I'm in northern Michigan. We attended my cousin's wedding last night and it was SO FUN. We were worried we were going to freeze because it was an outdoor tented wedding, but the tent had walls and between all the people there and some heaters, we were fine. The food and drinks were a community effort and easily the best wedding food I've had. My uncle is a fisherman and HELLO fish tacos, smoked salmon and fried trout. Mmmmmmm. They had a live band, too! We rented a house with my cousins and they just left so we have the place to ourselves and are just relaxing in the quiet now. I'll probably see my mom and dad later, and tomorrow our flight doesn't leave until the evening, so I think we'll check out a winery.
Honestly I think he's just trying to run away and yet still feel like he's taking care of the kids, by sending money. He says he doesn't think he ready to divorce but he's not ready to start working on the marriage. I want to work on things. I get though, that I can't change his mind or force his hand. So I don't know what to do. I've been seeing a therapist by myself and he went with me last week, but nothing was accomplished of course in one visit other than reiterating what we'd already said to each other.
I'm waiting for DS's friend to get picked up. He's still here from yesterday and DS appears to be very ready for him to go home. He's so much like me, it's funny.

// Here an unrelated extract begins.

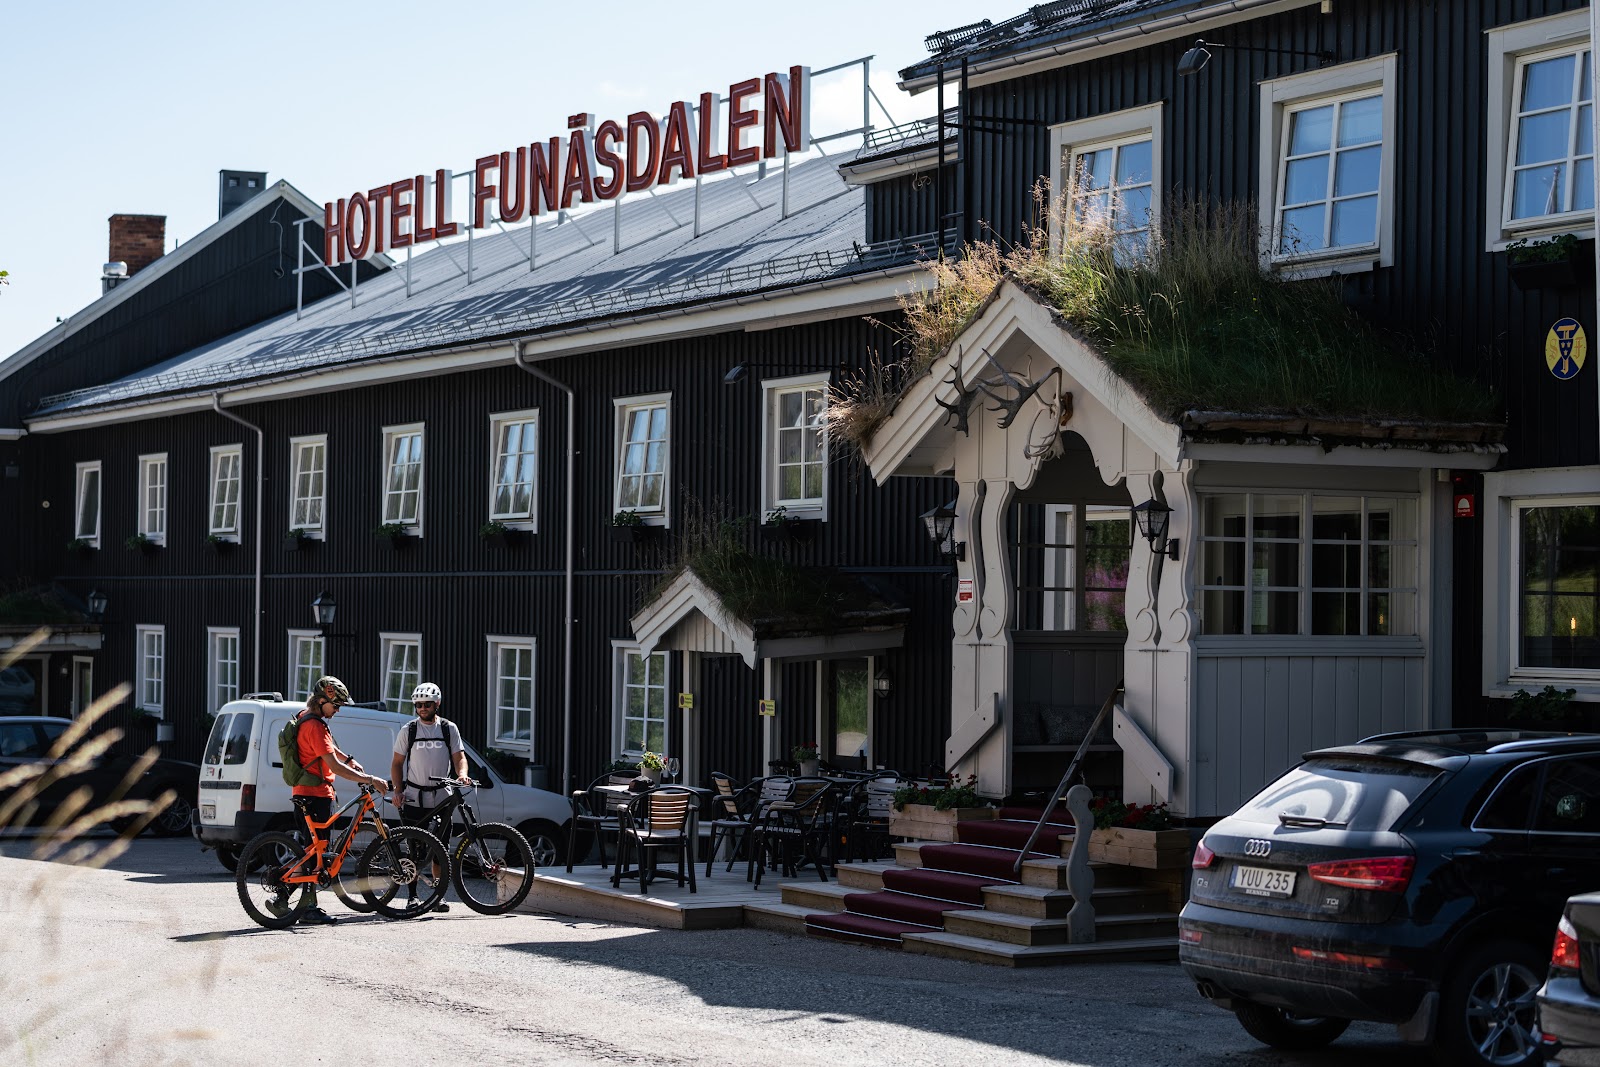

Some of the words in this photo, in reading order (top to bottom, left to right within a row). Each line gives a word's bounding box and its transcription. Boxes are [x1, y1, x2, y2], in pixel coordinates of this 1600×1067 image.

[325, 168, 463, 267] HOTELL
[475, 65, 810, 229] FUNÄSDALEN
[1240, 868, 1264, 888] YUU
[1265, 872, 1290, 891] 235

Then food shopping and cooking. I'm still not sure what to make for dinner but I know I want it to be a carby comfort food.
You can't see the apples as well as I thought you would, but it's super delicious! Also got too brown, but oh well! Might make a french toast bake with it!

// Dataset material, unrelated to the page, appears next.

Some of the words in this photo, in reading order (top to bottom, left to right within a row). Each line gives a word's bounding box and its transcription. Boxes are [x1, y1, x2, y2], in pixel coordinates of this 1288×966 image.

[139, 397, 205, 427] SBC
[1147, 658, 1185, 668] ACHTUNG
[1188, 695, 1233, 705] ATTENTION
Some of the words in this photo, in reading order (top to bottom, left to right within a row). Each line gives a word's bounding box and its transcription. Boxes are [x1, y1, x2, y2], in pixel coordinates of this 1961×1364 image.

It looks delicious!! Next time you can cover it with foil when you notice it getting too brown.
I did that too. I cut the bake time down by HALF before checking on it and it just wasn't enough. I should have stayed in the kitchen and watched. Lesson Learned though! My oven runs hot though. I should have known better.

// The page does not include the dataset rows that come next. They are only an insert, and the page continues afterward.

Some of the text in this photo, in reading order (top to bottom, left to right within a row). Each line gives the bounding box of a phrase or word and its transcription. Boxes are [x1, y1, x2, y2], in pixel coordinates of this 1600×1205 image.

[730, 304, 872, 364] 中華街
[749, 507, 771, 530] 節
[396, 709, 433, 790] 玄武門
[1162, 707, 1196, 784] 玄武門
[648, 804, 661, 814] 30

My H just confessed that he's felt irrationally mad at me all day because he had a dream last night that I got rid of our living room couch without telling him.
i started my chili this morning, have done some cleaning and yard work, and family will be over soon to watch football - we are a house divided - half packers and half vikings.
Awesome 15k this morning! My legs are shot now! Wahooooo! Cool here, made chicken chili, rode the bike, now watching movies while it rains! Perfect day!
Went to breakfast with bf. Picked up Dd. We played Legos while it rained. Lunch and nap. Grocery store run. Now she is watching a movie and I am starting dinner. Kind of a blah day.
It kinda sounds like he wants you to make the decision. It's shitty of him, regardless of the circumstances. Leave you in limbo while he goes to another continent while he figures out what he wants? Fuck that.
The good news--you still love him. That's a long time. I suggest Lifetime movies, manicures and pedicures at home, popcorn popped in coconut oil with sea salt, and many naps.
You can't see the apples as well as I thought you would, but it's super delicious! Also got too brown, but oh well! Might make a french toast bake with it!
i am currently sitting in my backyard drinking coffee and watching this: Balloon Fiesta!! I love this time of year!!! Then we are going to go the zoo with the girls later. nice, relaxing Sunday.
Where are you? I so want to go to something like this one day.
Albuquerque, NM . They do this every year for the first week of the October. We have over 500 balloons here.